TASK REQUIREMENTS: From the first line to the last, set down the material exactly and drop every picture.

TASK MATERIAL:
::::::::::

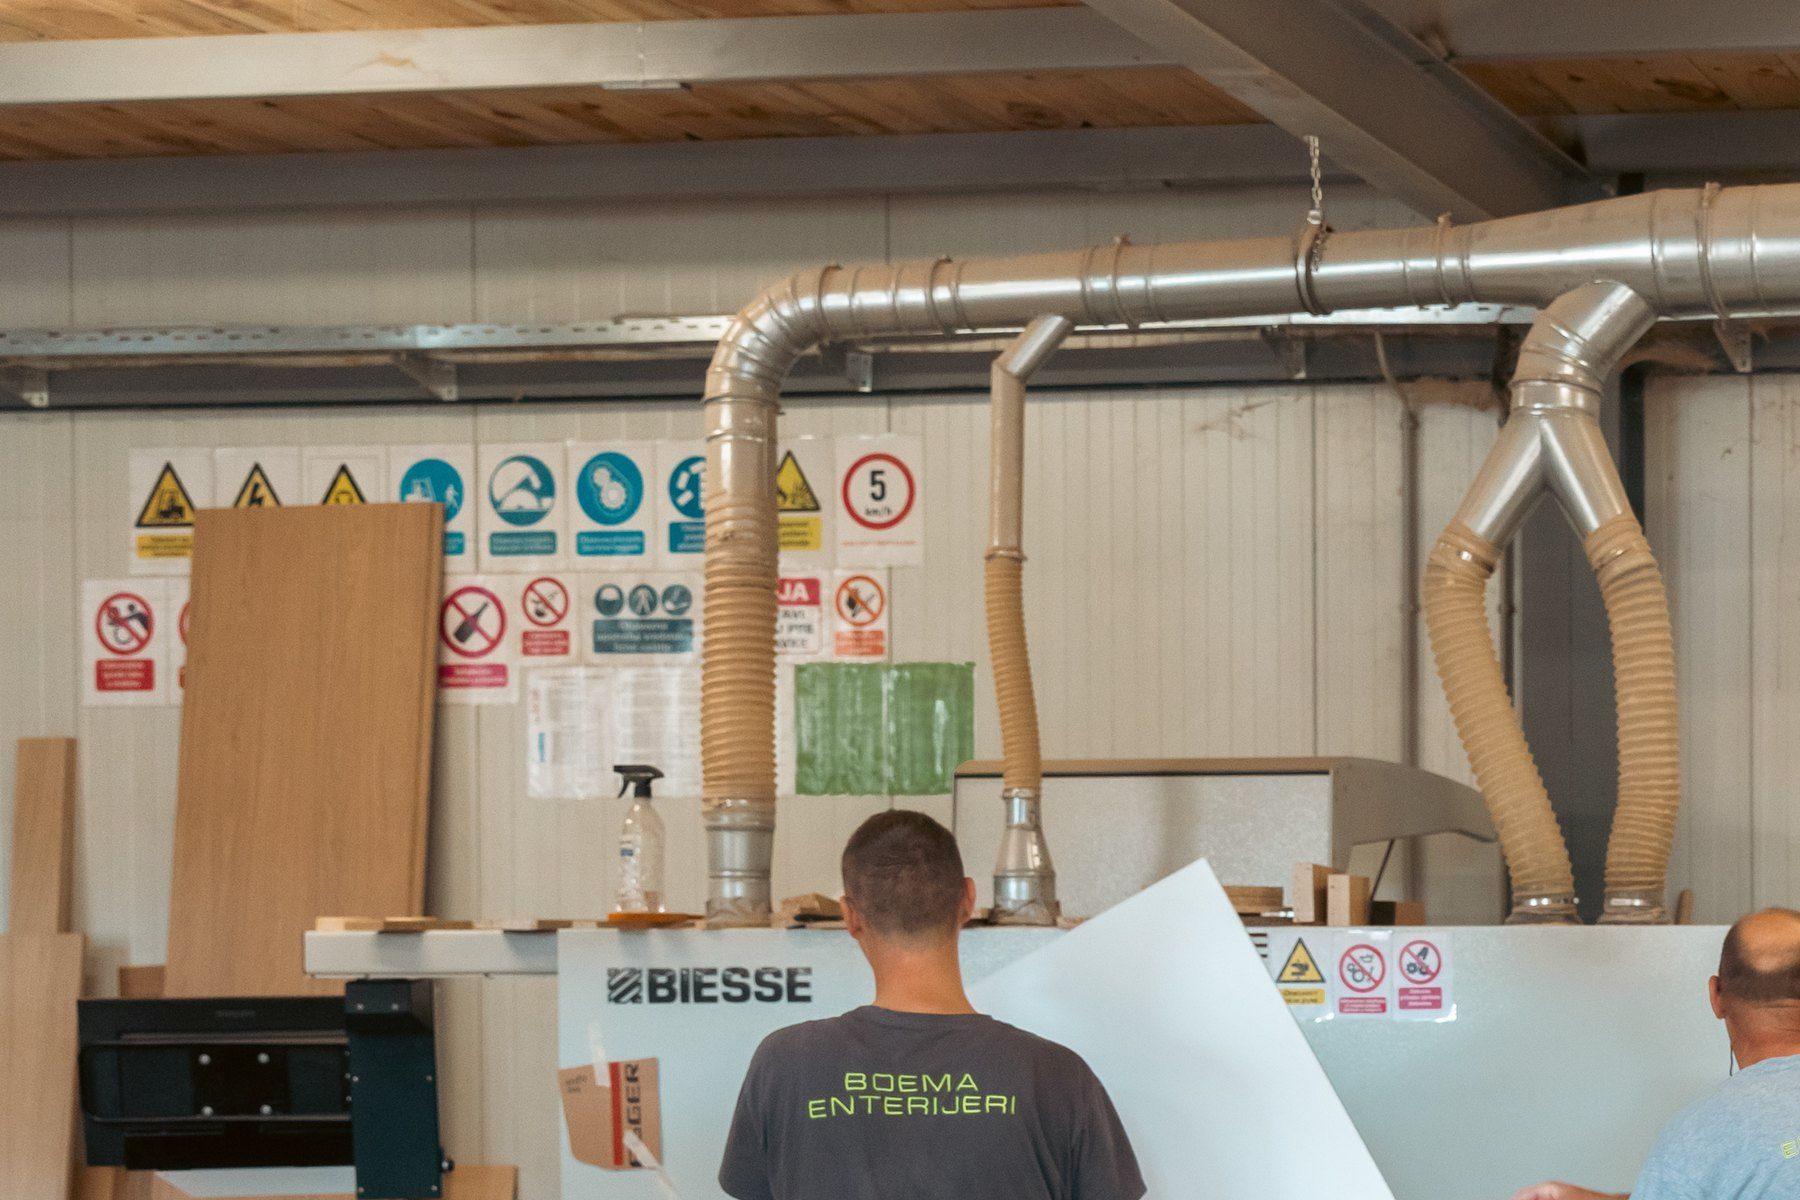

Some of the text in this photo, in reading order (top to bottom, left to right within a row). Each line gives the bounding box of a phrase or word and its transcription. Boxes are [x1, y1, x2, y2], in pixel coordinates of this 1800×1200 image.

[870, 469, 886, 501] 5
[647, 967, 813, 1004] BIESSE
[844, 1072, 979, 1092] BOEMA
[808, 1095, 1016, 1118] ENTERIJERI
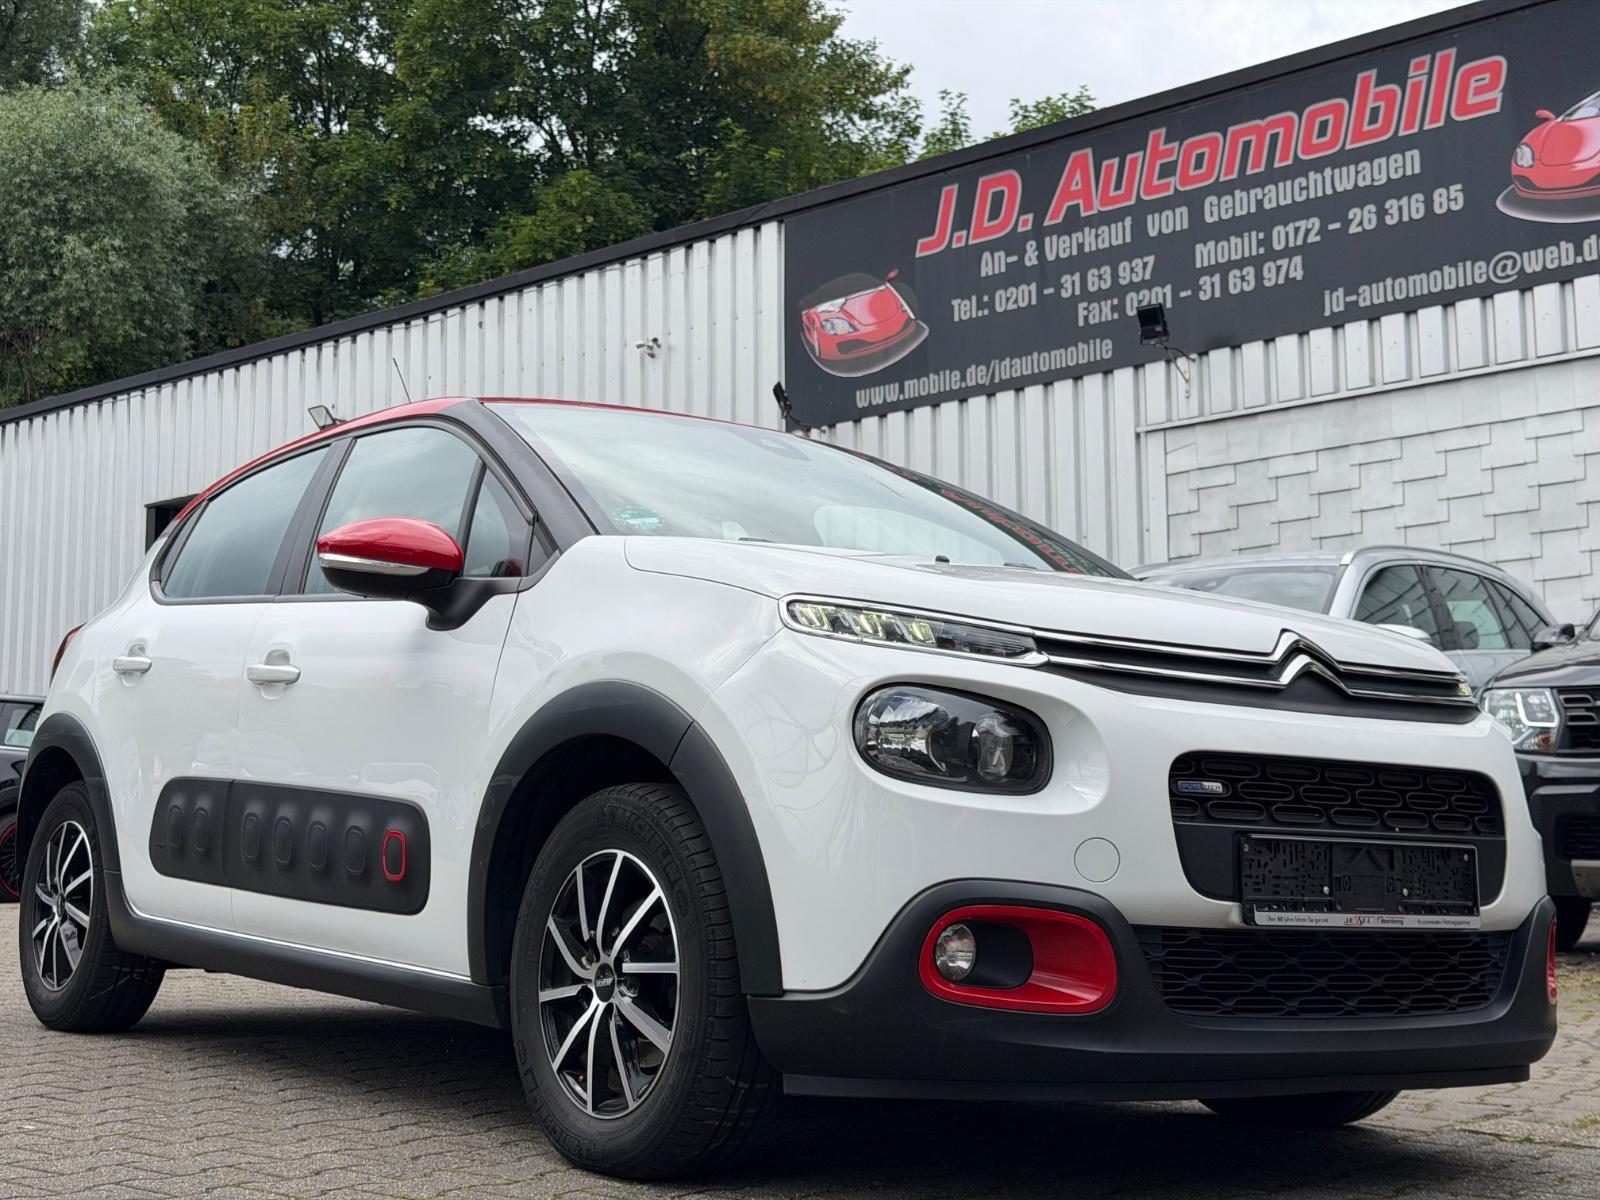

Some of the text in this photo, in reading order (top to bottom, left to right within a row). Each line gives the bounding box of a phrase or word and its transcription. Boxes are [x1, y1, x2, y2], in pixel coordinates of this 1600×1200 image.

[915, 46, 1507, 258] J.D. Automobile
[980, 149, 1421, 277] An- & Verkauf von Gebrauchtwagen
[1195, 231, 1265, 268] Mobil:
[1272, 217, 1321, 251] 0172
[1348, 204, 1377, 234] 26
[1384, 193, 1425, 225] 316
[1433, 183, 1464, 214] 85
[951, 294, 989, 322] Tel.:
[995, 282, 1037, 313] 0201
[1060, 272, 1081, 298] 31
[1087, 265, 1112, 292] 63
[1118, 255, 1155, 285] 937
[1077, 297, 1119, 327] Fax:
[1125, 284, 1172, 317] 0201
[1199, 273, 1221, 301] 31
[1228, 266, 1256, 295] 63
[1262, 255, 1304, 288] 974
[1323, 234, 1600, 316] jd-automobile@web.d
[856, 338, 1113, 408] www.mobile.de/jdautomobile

::::::::::

SOLVED PROBLEM:
Some of the text in this photo, in reading order (top to bottom, left to right within a row). Each line gives the bounding box of a phrase or word and its transcription. Boxes are [x1, y1, x2, y2], in pixel coordinates of this 1800×1200 image.

[870, 469, 886, 501] 5
[647, 967, 813, 1004] BIESSE
[844, 1072, 979, 1092] BOEMA
[808, 1095, 1016, 1118] ENTERIJERI

Some of the text in this photo, in reading order (top to bottom, left to right within a row). Each line gives the bounding box of a phrase or word and its transcription. Boxes are [x1, y1, x2, y2], in pixel coordinates of this 1600×1200 image.

[915, 46, 1507, 258] J.D. Automobile
[980, 149, 1421, 277] An- & Verkauf von Gebrauchtwagen
[1195, 231, 1265, 268] Mobil:
[1272, 217, 1321, 251] 0172
[1348, 204, 1377, 234] 26
[1384, 193, 1425, 225] 316
[1433, 183, 1464, 214] 85
[951, 294, 989, 322] Tel.:
[995, 282, 1037, 313] 0201
[1060, 272, 1081, 298] 31
[1087, 265, 1112, 292] 63
[1118, 255, 1155, 285] 937
[1077, 297, 1119, 327] Fax:
[1125, 284, 1172, 317] 0201
[1199, 273, 1221, 301] 31
[1228, 266, 1256, 295] 63
[1262, 255, 1304, 288] 974
[1323, 234, 1600, 316] jd-automobile@web.d
[856, 338, 1113, 408] www.mobile.de/jdautomobile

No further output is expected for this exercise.